The expected response is the complete listing below, restated exactly, with its pictures omitted.

[Start of Attachment]

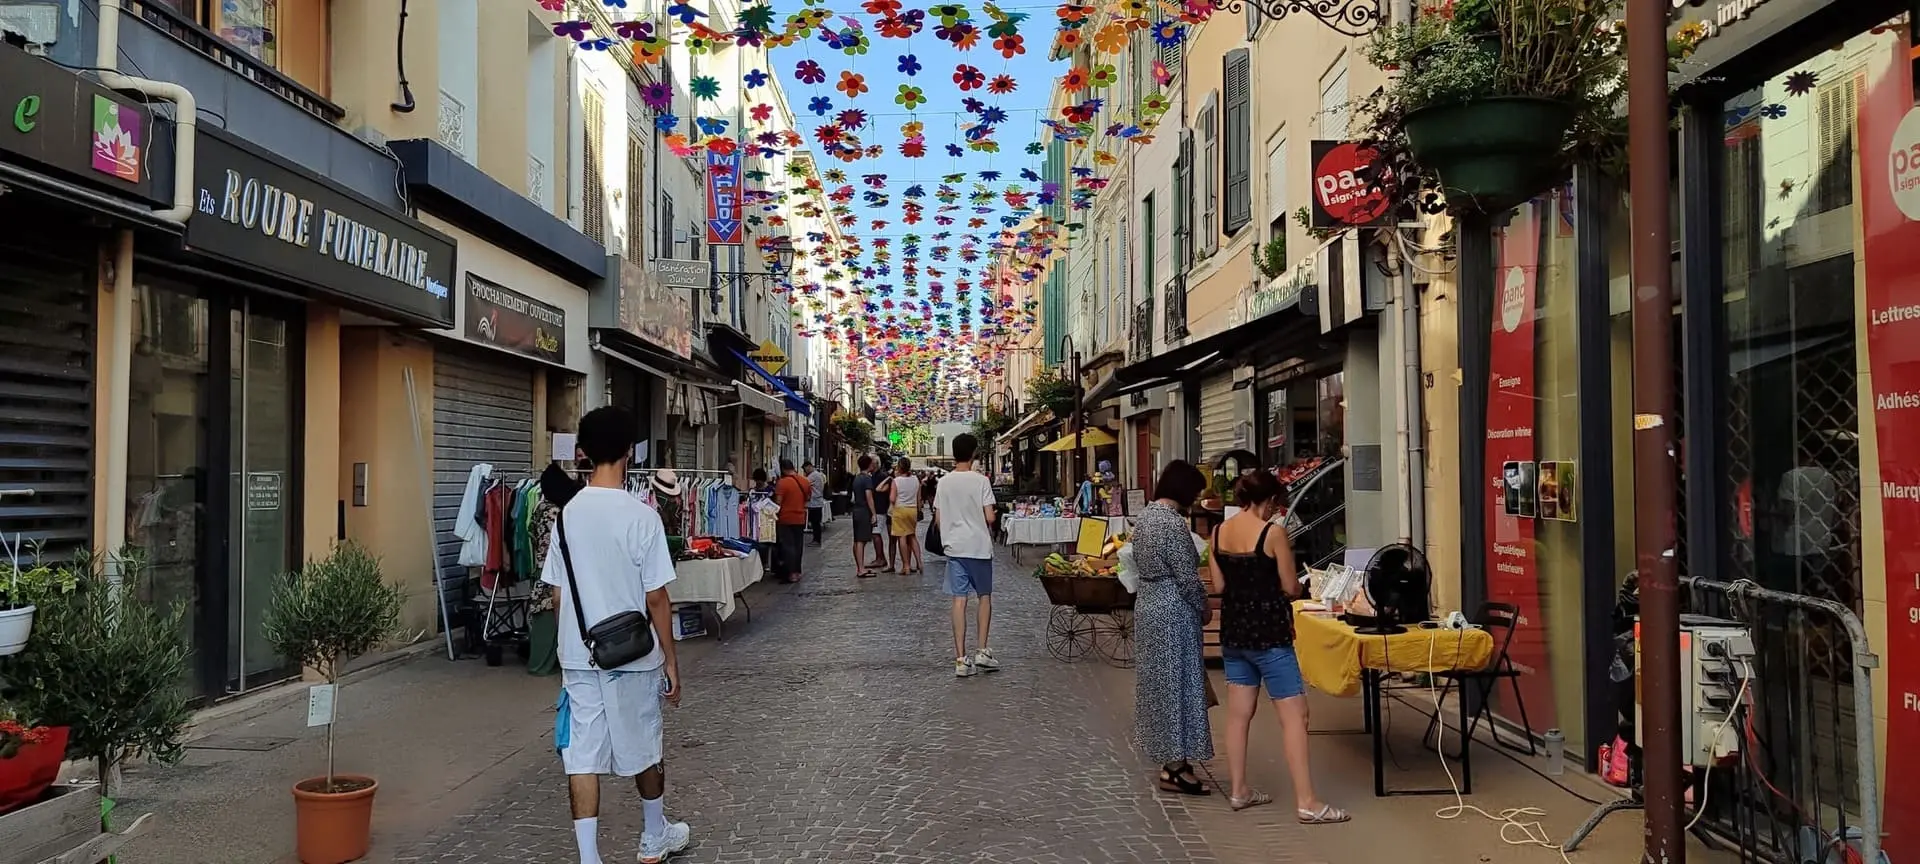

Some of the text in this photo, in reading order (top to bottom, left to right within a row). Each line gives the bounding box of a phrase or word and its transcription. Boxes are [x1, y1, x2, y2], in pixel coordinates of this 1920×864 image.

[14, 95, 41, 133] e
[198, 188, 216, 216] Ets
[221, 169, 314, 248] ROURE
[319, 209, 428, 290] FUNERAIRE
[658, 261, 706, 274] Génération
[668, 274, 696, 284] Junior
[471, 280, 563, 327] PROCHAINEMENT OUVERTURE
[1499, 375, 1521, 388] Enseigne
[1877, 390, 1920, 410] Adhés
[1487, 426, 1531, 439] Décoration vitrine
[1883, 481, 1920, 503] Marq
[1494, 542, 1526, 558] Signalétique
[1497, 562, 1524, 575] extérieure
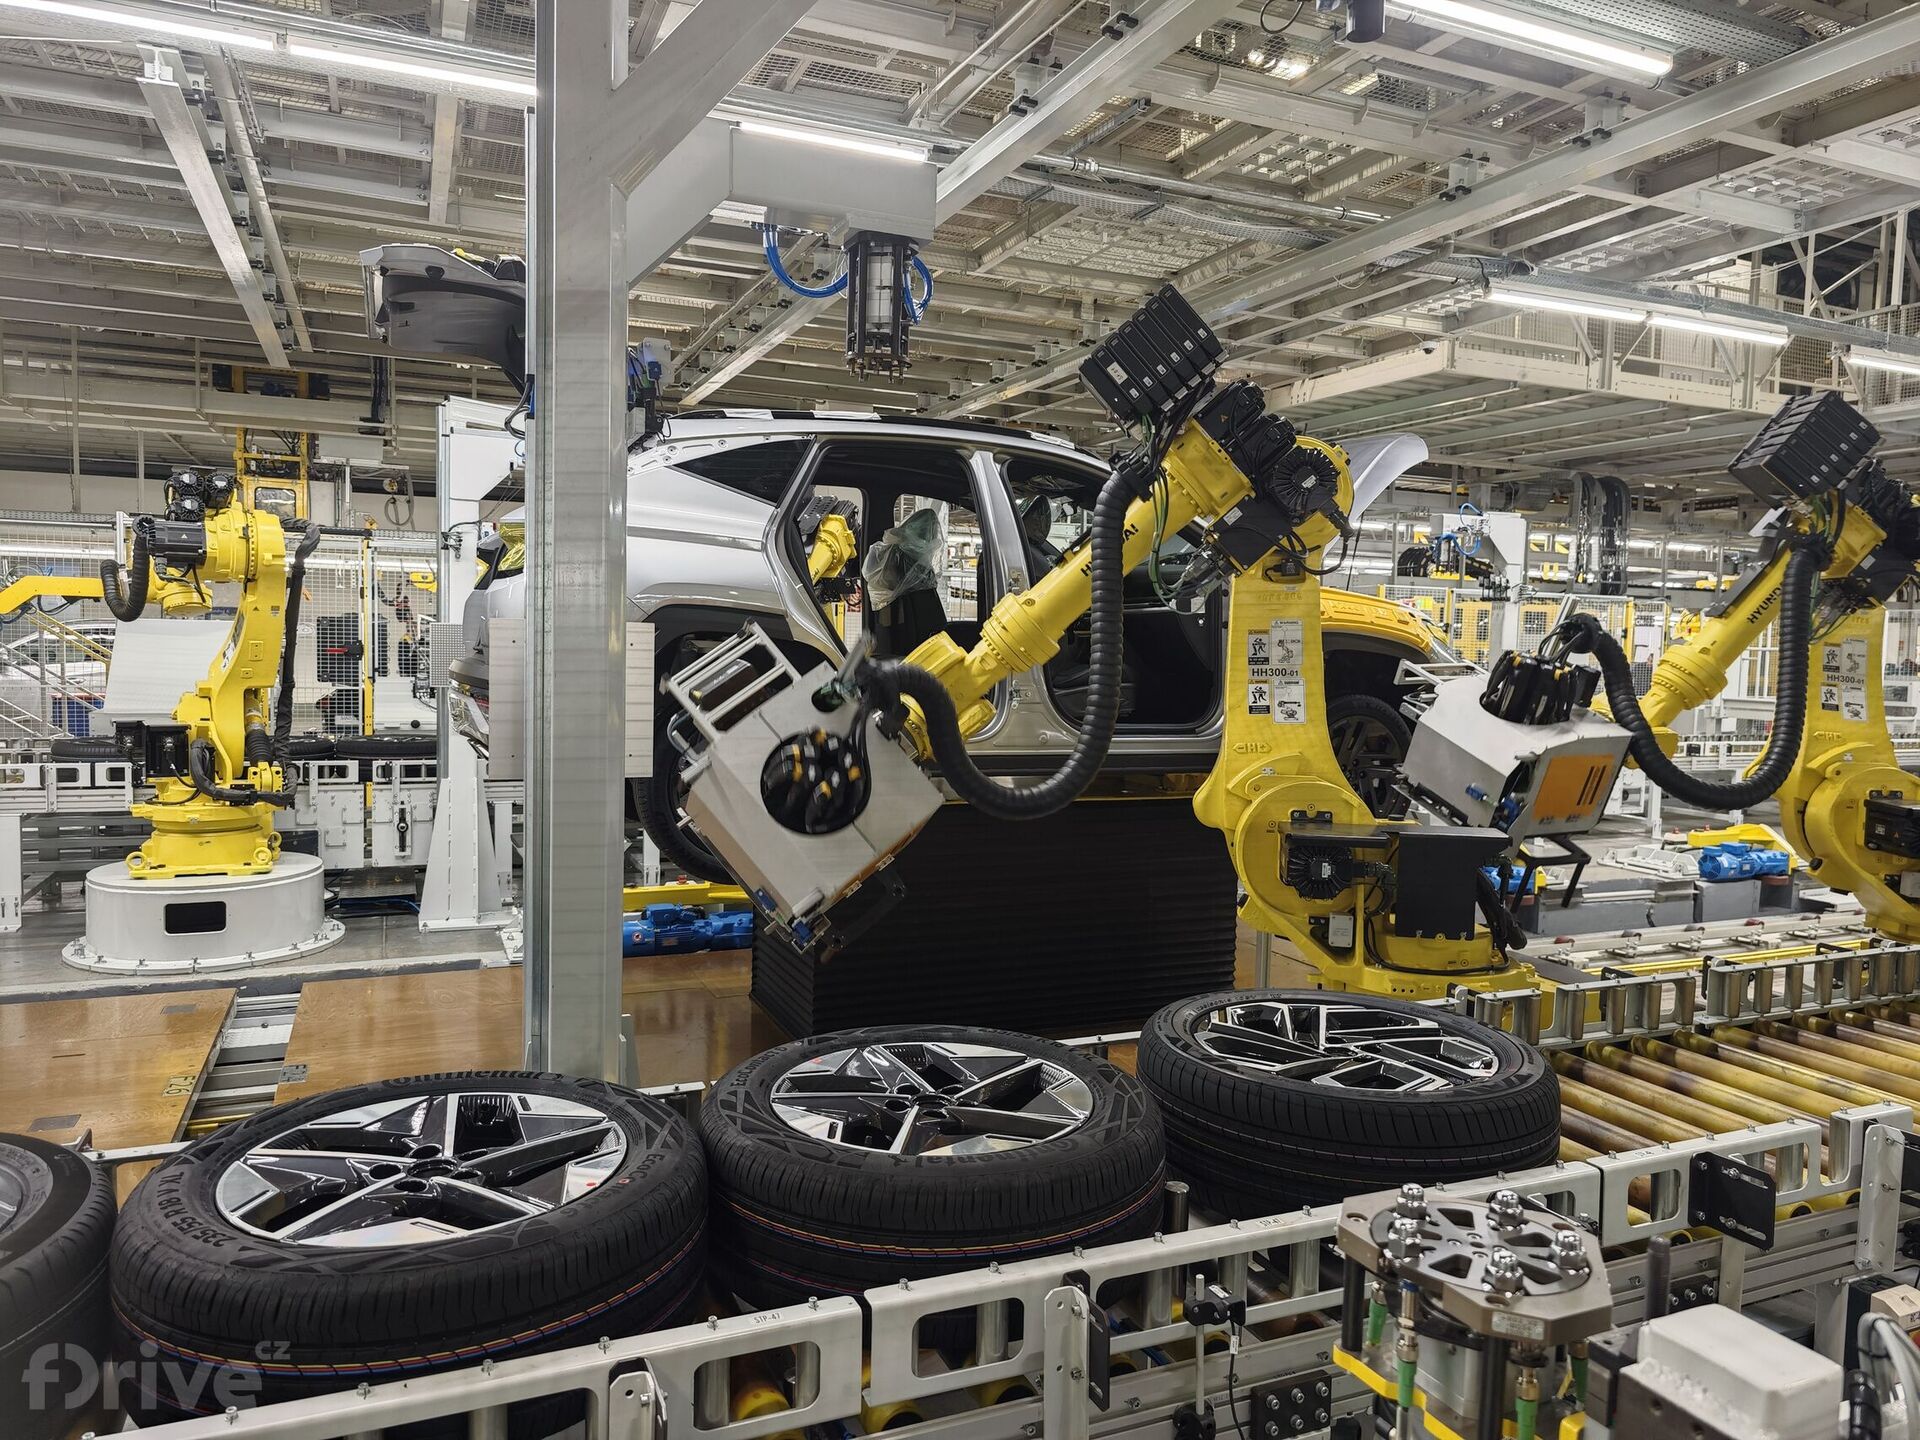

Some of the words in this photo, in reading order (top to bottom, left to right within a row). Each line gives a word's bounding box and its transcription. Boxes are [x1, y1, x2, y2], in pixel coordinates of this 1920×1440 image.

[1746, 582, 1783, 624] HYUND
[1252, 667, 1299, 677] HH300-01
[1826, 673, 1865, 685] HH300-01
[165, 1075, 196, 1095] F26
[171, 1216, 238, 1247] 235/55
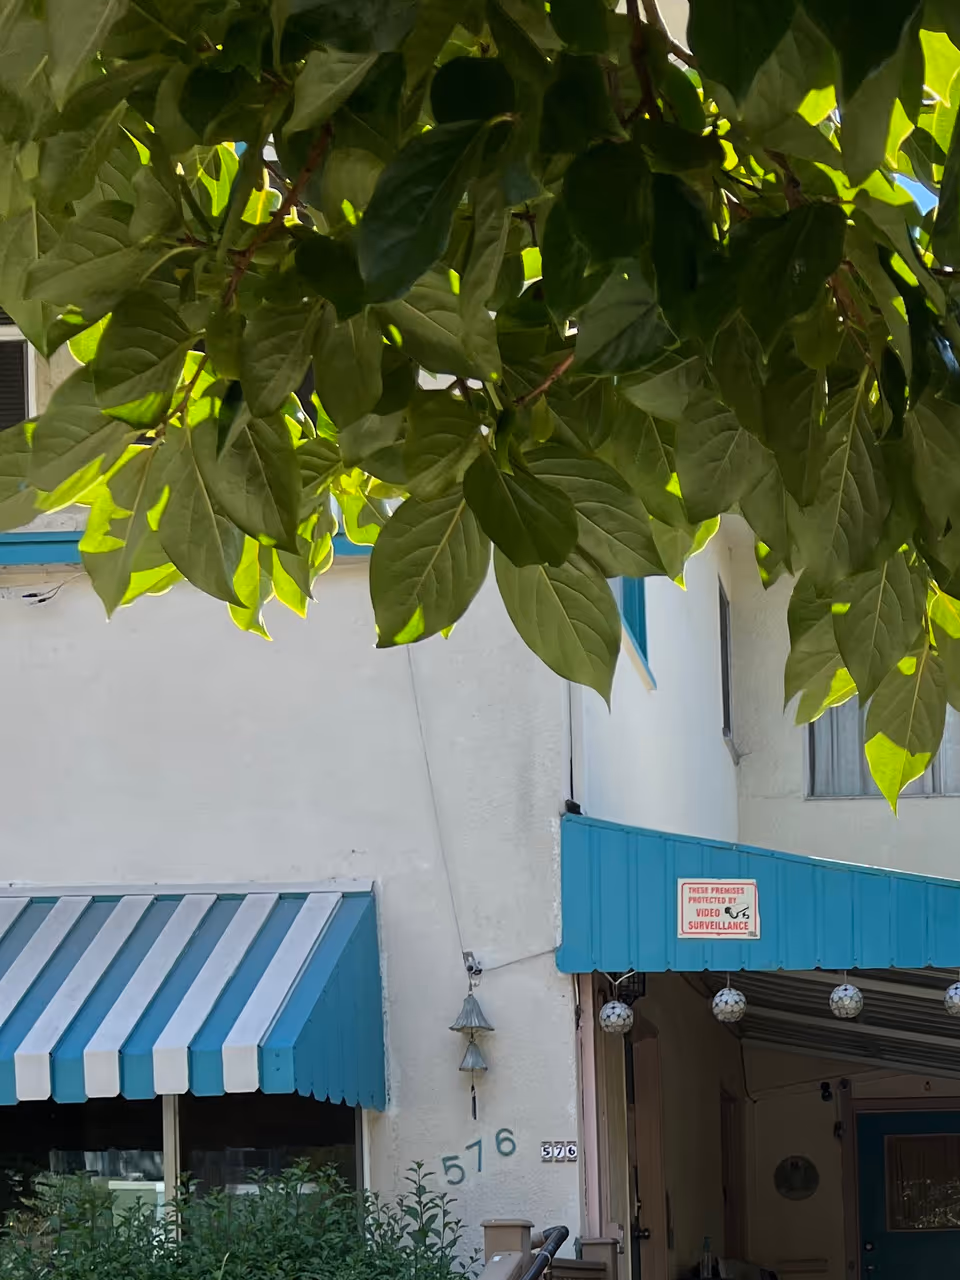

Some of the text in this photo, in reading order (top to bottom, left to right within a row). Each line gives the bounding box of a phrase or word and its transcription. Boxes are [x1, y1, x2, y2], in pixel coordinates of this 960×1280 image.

[End of Attachment]

◆ Solution to this problem ◆
Some of the text in this photo, in reading order (top to bottom, left to right within a row). Each line gives the bounding box of a phrase or word and its transcription. Boxes are [x1, y1, x2, y2], in pixel coordinates of this 1920×864 image.

[14, 95, 41, 133] e
[198, 188, 216, 216] Ets
[221, 169, 314, 248] ROURE
[319, 209, 428, 290] FUNERAIRE
[658, 261, 706, 274] Génération
[668, 274, 696, 284] Junior
[471, 280, 563, 327] PROCHAINEMENT OUVERTURE
[1499, 375, 1521, 388] Enseigne
[1877, 390, 1920, 410] Adhés
[1487, 426, 1531, 439] Décoration vitrine
[1883, 481, 1920, 503] Marq
[1494, 542, 1526, 558] Signalétique
[1497, 562, 1524, 575] extérieure

Some of the words in this photo, in reading order (top to bottom, left to right within a row). Each line gives a word's bounding box and its transcription. Boxes are [x1, y1, x2, y2], in pixel coordinates of this 1920×1440 image.

[1746, 582, 1783, 624] HYUND
[1252, 667, 1299, 677] HH300-01
[1826, 673, 1865, 685] HH300-01
[165, 1075, 196, 1095] F26
[171, 1216, 238, 1247] 235/55

Some of the text in this photo, in reading order (top to bottom, left to right within a row). Each line gives the bounding box of a phrase or word and its transcription. Boxes are [x1, y1, x2, y2], in pixel coordinates of this 960×1280 image.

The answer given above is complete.